Stacey Loscalzo

Nov 10

On “Being Perfect”

by Stacey

110507The same pile of books has sat on my bed side table since we moved a year and a half ago. My current reads come and go but this pile of books has remained. Today, I picked up one, brought it downstairs and read.

I have read Anna Quindlen’s Being Perfect a few times but not in a long time. I read it today with thoughts of Caroline who is completely consumed with perfection in all areas of her life right now. I was hoping to find a word or two of wisdom to share.

I found many including…

“Trying to be perfect may be inevitable for people who are smart and ambitious and interested in the world and its good opinion. But at one level it’s too hard and at another, it’s too cheap and easy. Because all it really requirers of you, mainly is to read the zeitgeist of wherever and whenever you happen to be and to assume the masks necessary to be the best at whatever the zeitgeist dictates or requires.”


“I was mesmerized by that phrase: effortless perfection. Obviously it is an oxymoron. Even the illusion of perfection requires an enormous amount of work.”

I had Caroline in my mind the whole time I was reading until I arrived at this line…

“There’s some muscle group around your shoulders that seizes up during the perfection dance and doesn’t let go until you are asleep, or alone. Or maybe it never really lets go at all.”

Hmmm. Over the last few months, I have done many things to try to get my body back in to shape to run. I have always exercised but had to give up running a few years ago because my shoulders became painfully tight during and after a run. I have tried many types of exercises, classes and programs. In fact, Rob jokes that I have been to every gym in Bergen County.

While, ironically, I think I may have found the perfect combination at the moment, I had to read the sentence above over and over again. I know that running is part of why my shoulders are tight. But that said, I know my shoulders have always been tight and I know they have been tight because of the ‘perfection dance.’
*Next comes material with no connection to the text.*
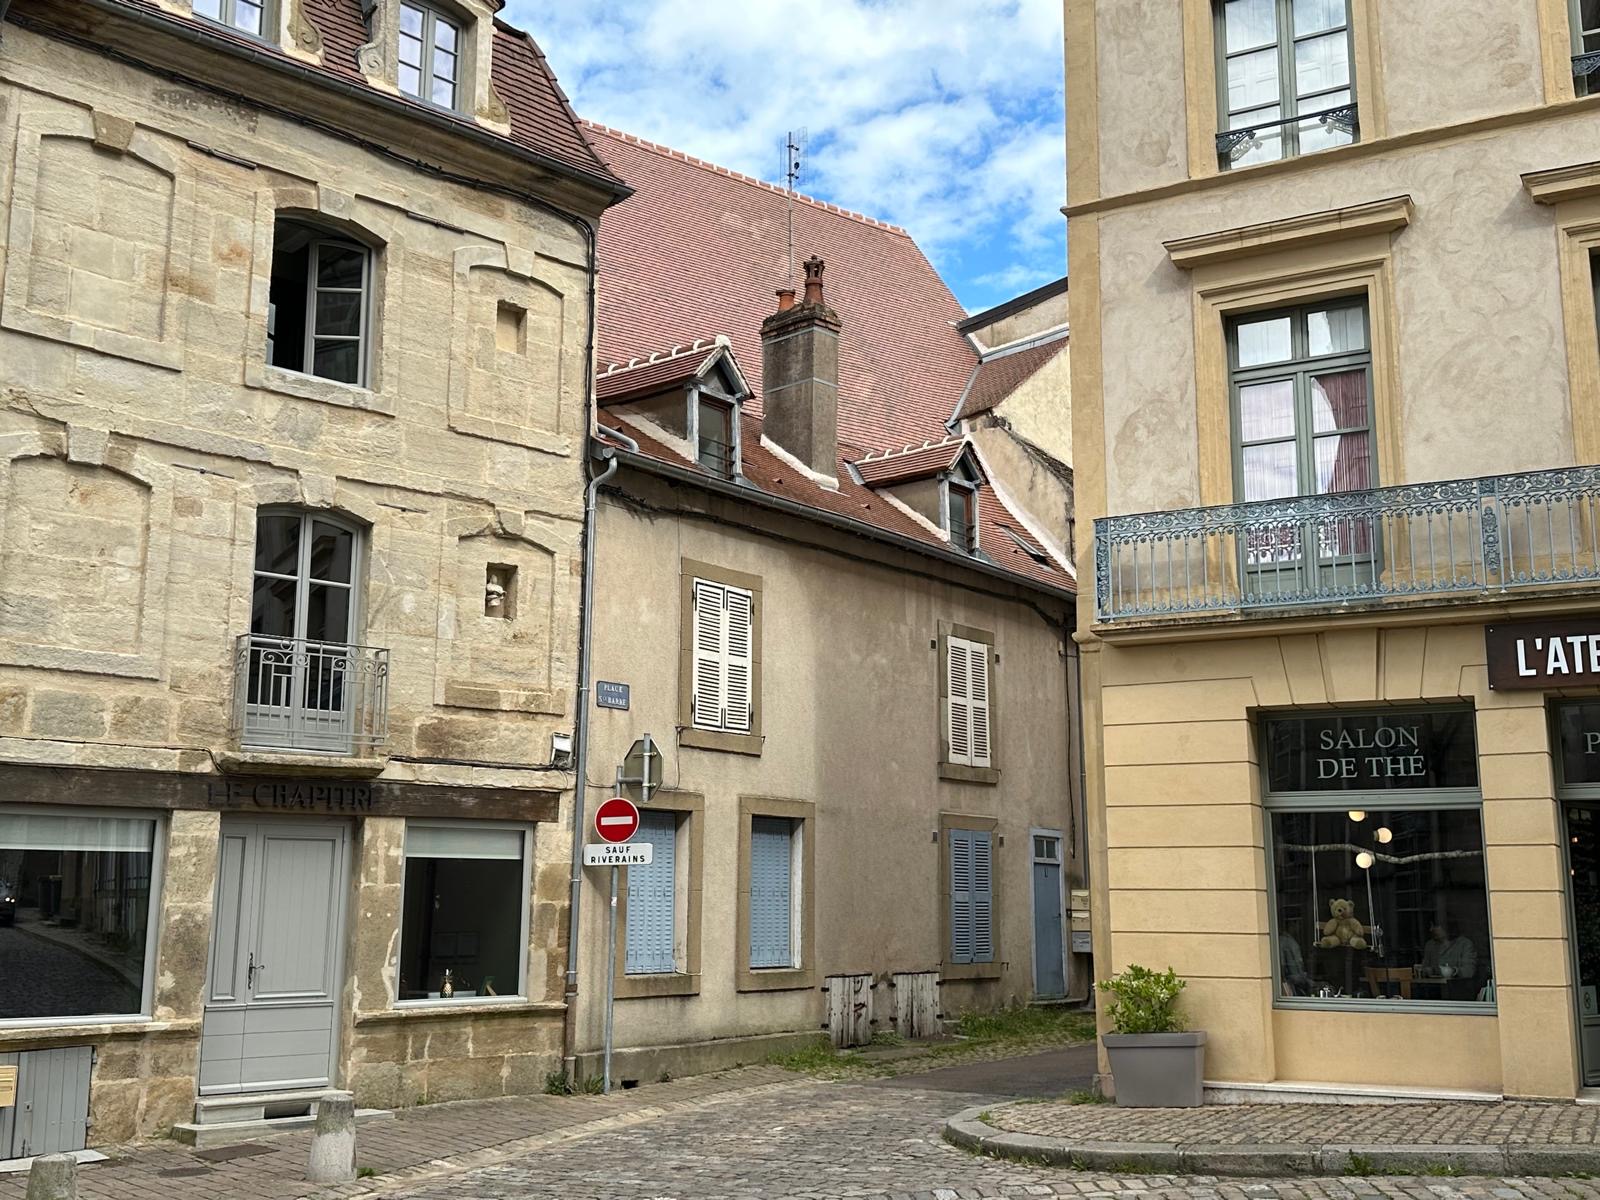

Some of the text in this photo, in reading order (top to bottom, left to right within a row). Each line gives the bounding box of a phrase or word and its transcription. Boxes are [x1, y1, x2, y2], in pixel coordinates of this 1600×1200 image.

I have vivid memories of walking down my high school hallway, Mr. Sphoer’s history room on the left and Mrs. Barrows geometry room on the right and feeling my shoulders creeping up to my ears. I did then and do now remind myself constantly to lower my shoulders. To take deep, slow breaths. I have never been good at stopping the ‘perfection dance’ myself, of giving my shoulders a rest. Perhaps, as I think about the role model I must be for Caroline, I can find a way to relax those muscles once and for all…


  1. Aunt Connie says:

    Good grief…it must be a family trait as I use my shoulders as earrings daily.  As I approach my first tennis match of the season, I will try and remember some of the quotes above because all the fun is taken out of tennis while trying to be perfect and win!

  2. Kristen says:

    For me it’s my jaw and neck, but yes, I get this. I need to read more AQ. She’s so inspiring and wise. And funny about your multiple gyms–I just joined the Y and almost forgot that I have to quit the “other gym” that I (almost never) went to. 🙂

  3. Lindsey says:

    I’m like Kristen, it’s my jaw, which I grind without even realizing it. I love Anna. And relate so much to what you say about Caroline. Sigh. On these girls, so much complexity, so much wonder, so much beauty. xox

  4. Kaly says:

    AQ spoke at my college graduation and her speech was an early version of this book before it was published. It’s one of my all time favorites. And yes – feeling it in the shoulders regularly. Yoga helps but I have to go on a regular basis or they’ll start creeping up again…

    • Stacey says:

      Oh! You are so lucky to have seen Anna Quindlen in person- I would love to hear her speak. And yes to yoga. It has fallen out of my routine and I am paying the price!

  5. I’ve read Anna Quinlan’s work in the past, but for some reason Being Perfect is a book I have not explored. Many of the quotes resonated and I struggle to teach my eight-year-old daughter on celebrating imperfection and flaws. (Mine manifests in my jaw as well – teeth grinding and all). 

    • Stacey says:

      So crazy that we have to talk about perfection with our eight year olds! My girls are 11 and 8 and while my 11 year old is most definitely a perfectionist, I am starting to see signs in my 8 year old as well… 

  6. Donna says:

    Countless acupuncturists and massage therapists have made a small fortune in an effort to get my shoulders to relax! I’ve attributed it to many things over the years, and finally chalked it up to that big catchall bucket: “stress”. But your post have given me pause…thanks for sharing.

  7. Tamara says:

    It’s my jaw too. And just an all around tightening around the shoulders and neck area!

  8. Melinda Sohval says:

    the fact that you are willing to confront your own  history of perfectionism and willingness to help guide your daughters away from it is so very admirable and courageous.